Marine Lieutenant James (Jimmie) Sutton died from a bullet in the brain. The death was reported as a suicide. Arguably it may have been one--but only in the sense that calling out the cowardice of another man, whose reply, by "fighting it out" per contemporary custom, would add two buddies and firearms to the expected fist fight, was suicidal bad judgment. 

Sutton's mother, a Catholic who believed that no one who commits suicide can go to Heaven, reported psychic messages in which Jimmie described being beaten by a "they" who "came up back of me and forced me to the ground." She did not use the word "vision" for such messages or impressions, which she had reported many times, sometimes when the messages were true. 

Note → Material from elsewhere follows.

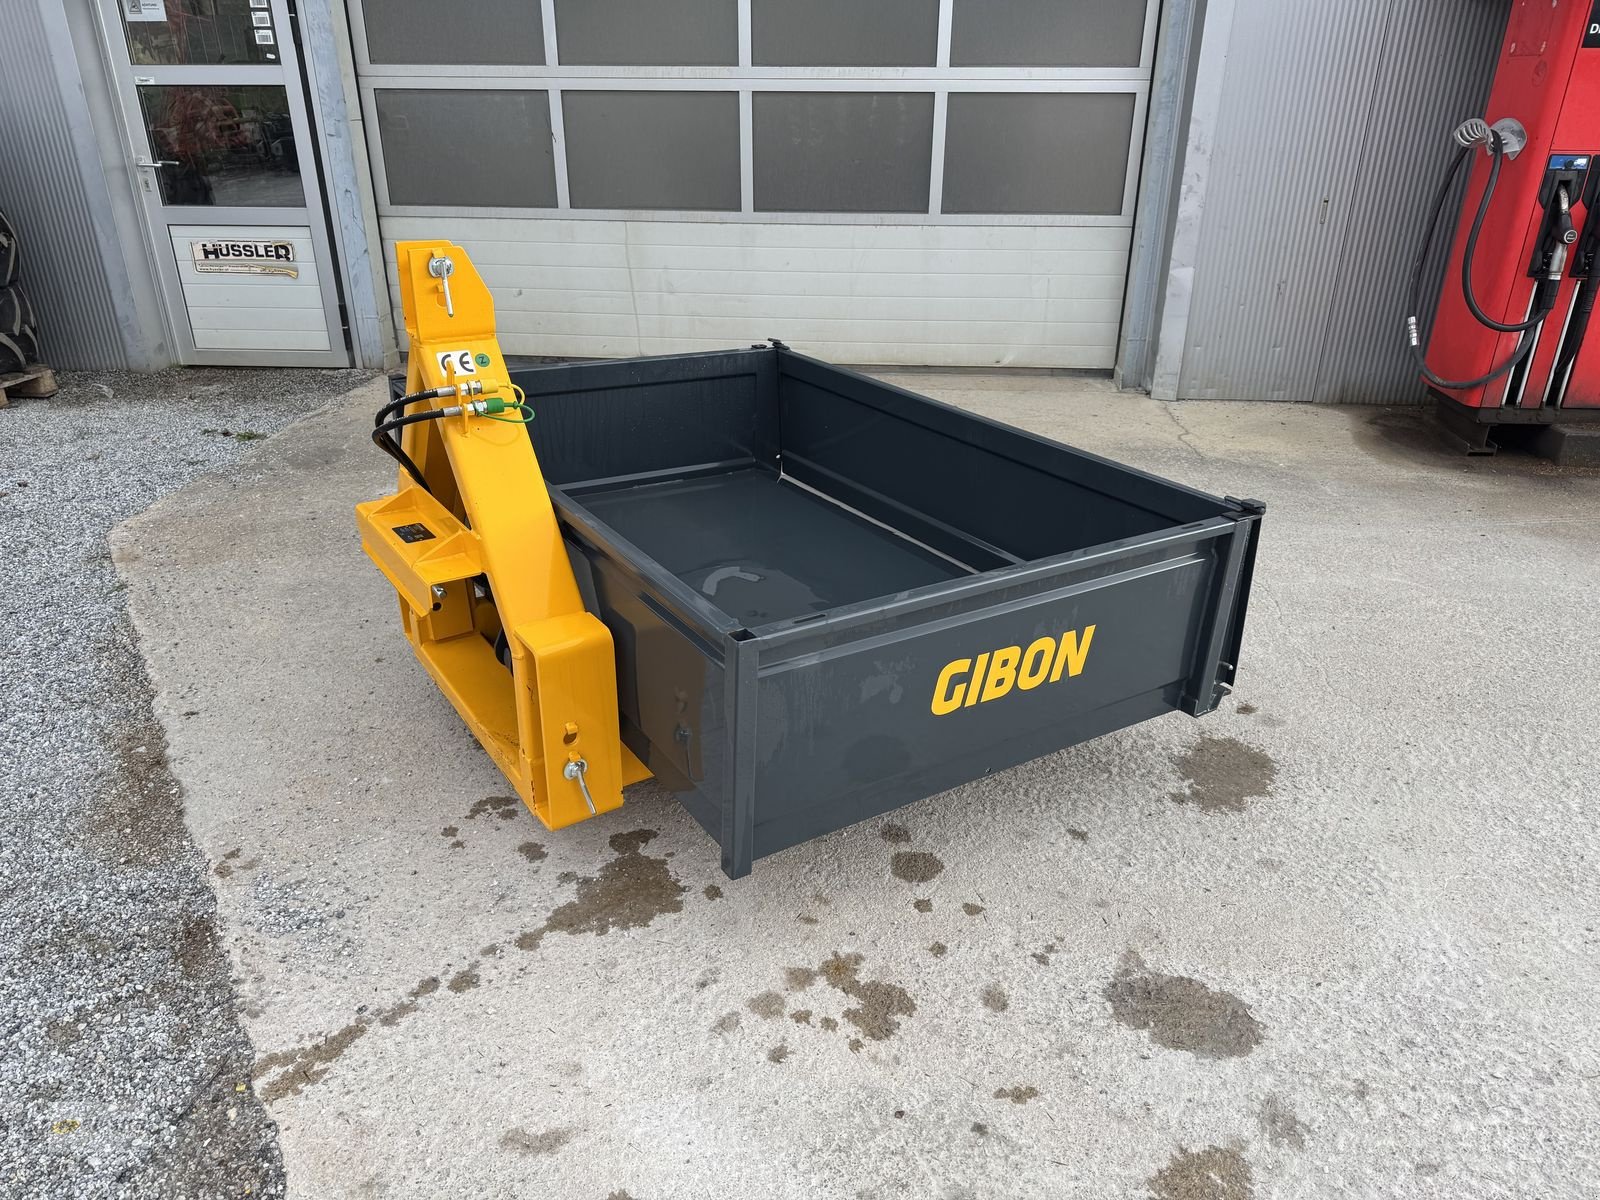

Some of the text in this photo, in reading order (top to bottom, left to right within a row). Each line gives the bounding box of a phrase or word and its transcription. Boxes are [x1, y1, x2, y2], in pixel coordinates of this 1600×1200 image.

In spite of the inadmissible nature of her primary evidence, and the prejudice against women to which her opponents played, Mrs. Sutton eventually got an investigation that included questioning the last young people known to have seen Sutton alive and even digging up his mortal remains. The gunshot wound proved to be consistent with the claim that three other men had forced him to the ground while one shot him from behind. 

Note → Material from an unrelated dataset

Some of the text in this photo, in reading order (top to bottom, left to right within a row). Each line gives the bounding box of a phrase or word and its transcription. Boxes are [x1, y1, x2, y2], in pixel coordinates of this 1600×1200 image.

A hundred years after Sutton's death, his great-niece published the first edition of a well researched historical report on these events, including reforms made at military academies and what became of the three classmates who were involved in killing Sutton. Due to their convincing reports of mental confusion and memory loss, none was found guilty of the actual murder, but it seems likely that "conscience karma" plagued their lives. 

The "Spiritualist" or "Spiritist" movement, in which people who were losing faith in traditional church teachings accepted claims of psychic communication with the dead as scientific fact, was in active opposition to the churches of the time. Spiritualists supported Mrs. Sutton's claims and wanted to exploit them. Mrs. Sutton maintained her Catholic faith. 

The position of this web site is that we have no way to know that people don't receive psychic messages from sources beyond their own intuition--although these sources may be deceiving people about their identity, claiming to be departed friends when they are actually "deceiving spirits," as some traditional churches teach. We do know that Mrs. Sutton was a person who thought in words, and of Irish and German descent. For those who are not familiar with that combination of ethnicity and neurological "wiring," it describes people who, as Cutler observes, may "hear" intuitive warnings about loved ones so often as to become tedious. It is possible to explain these warnings as unconscious guesses that, when people are close to each other, are often right. People remember the details of an accurate premonition such as "they came up back of me and forced me to the ground" more clearly than they remember the details of other, less accurate warning messages the same person has also given loved ones. 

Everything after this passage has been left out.